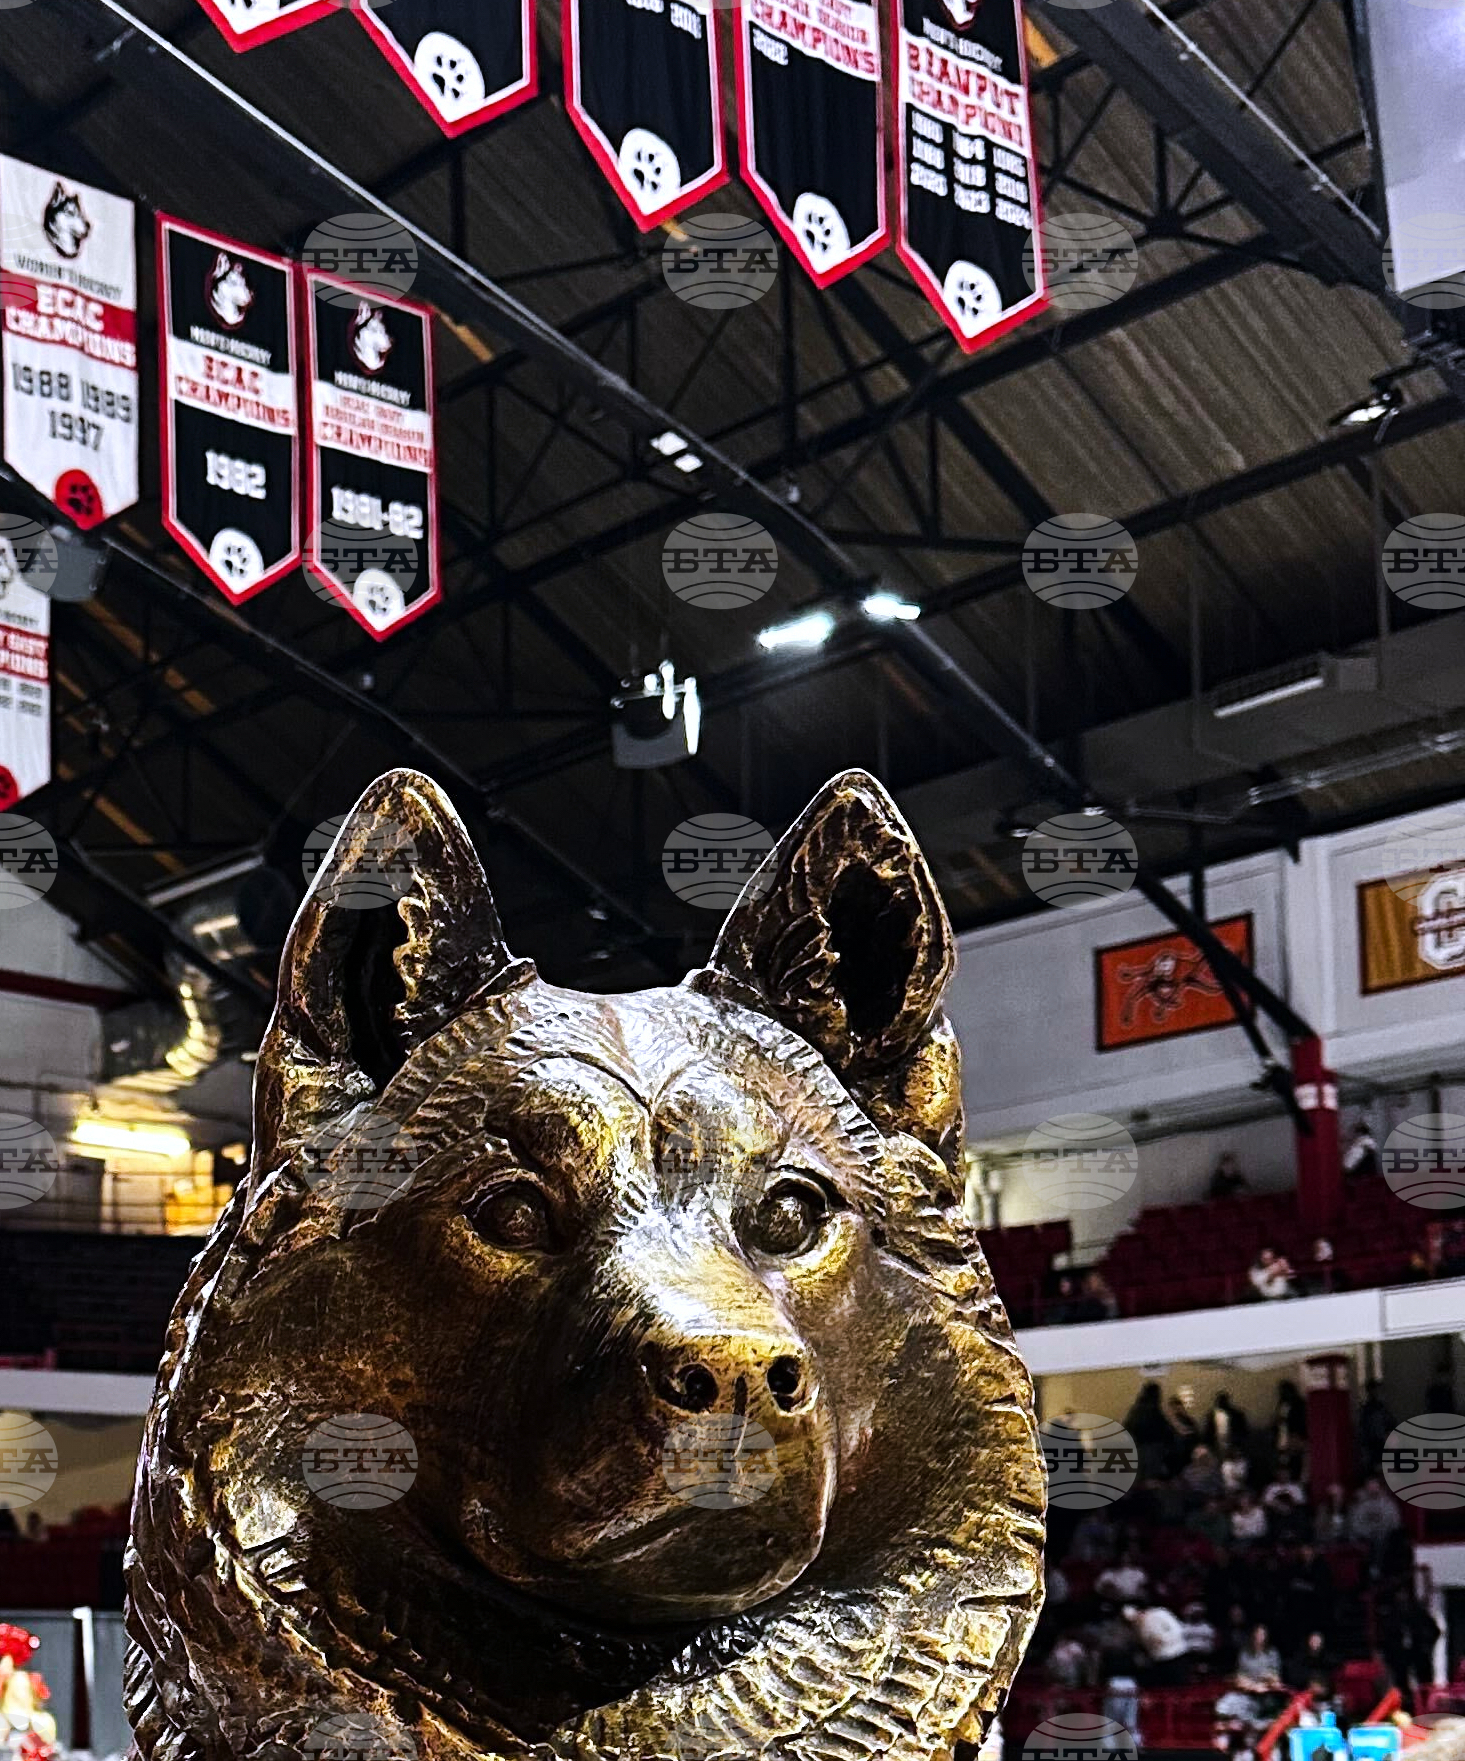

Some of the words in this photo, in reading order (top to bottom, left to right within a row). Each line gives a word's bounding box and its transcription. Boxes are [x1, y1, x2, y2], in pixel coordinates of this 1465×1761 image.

[907, 41, 1020, 116] BEANPOT
[36, 283, 104, 332] ECAC
[6, 305, 136, 369] CHAMPIONS
[12, 362, 72, 402] 1988
[204, 354, 262, 397] ECAC
[175, 374, 291, 428] CHAMPIONS
[49, 409, 103, 452] 1997
[205, 449, 267, 500] 1982

•••••

*WHAT IS BEING ASKED*: Copy out each record word for word and omit any pictures.

*OUTPUT FOR THIS TASK*:
Some of the words in this photo, in reading order (top to bottom, left to right within a row). Each line gives a word's bounding box and its transcription. Boxes are [x1, y1, x2, y2], in pixel coordinates of this 1465×1761 image.

[907, 41, 1020, 116] BEANPOT
[36, 283, 104, 332] ECAC
[6, 305, 136, 369] CHAMPIONS
[12, 362, 72, 402] 1988
[204, 354, 262, 397] ECAC
[175, 374, 291, 428] CHAMPIONS
[49, 409, 103, 452] 1997
[205, 449, 267, 500] 1982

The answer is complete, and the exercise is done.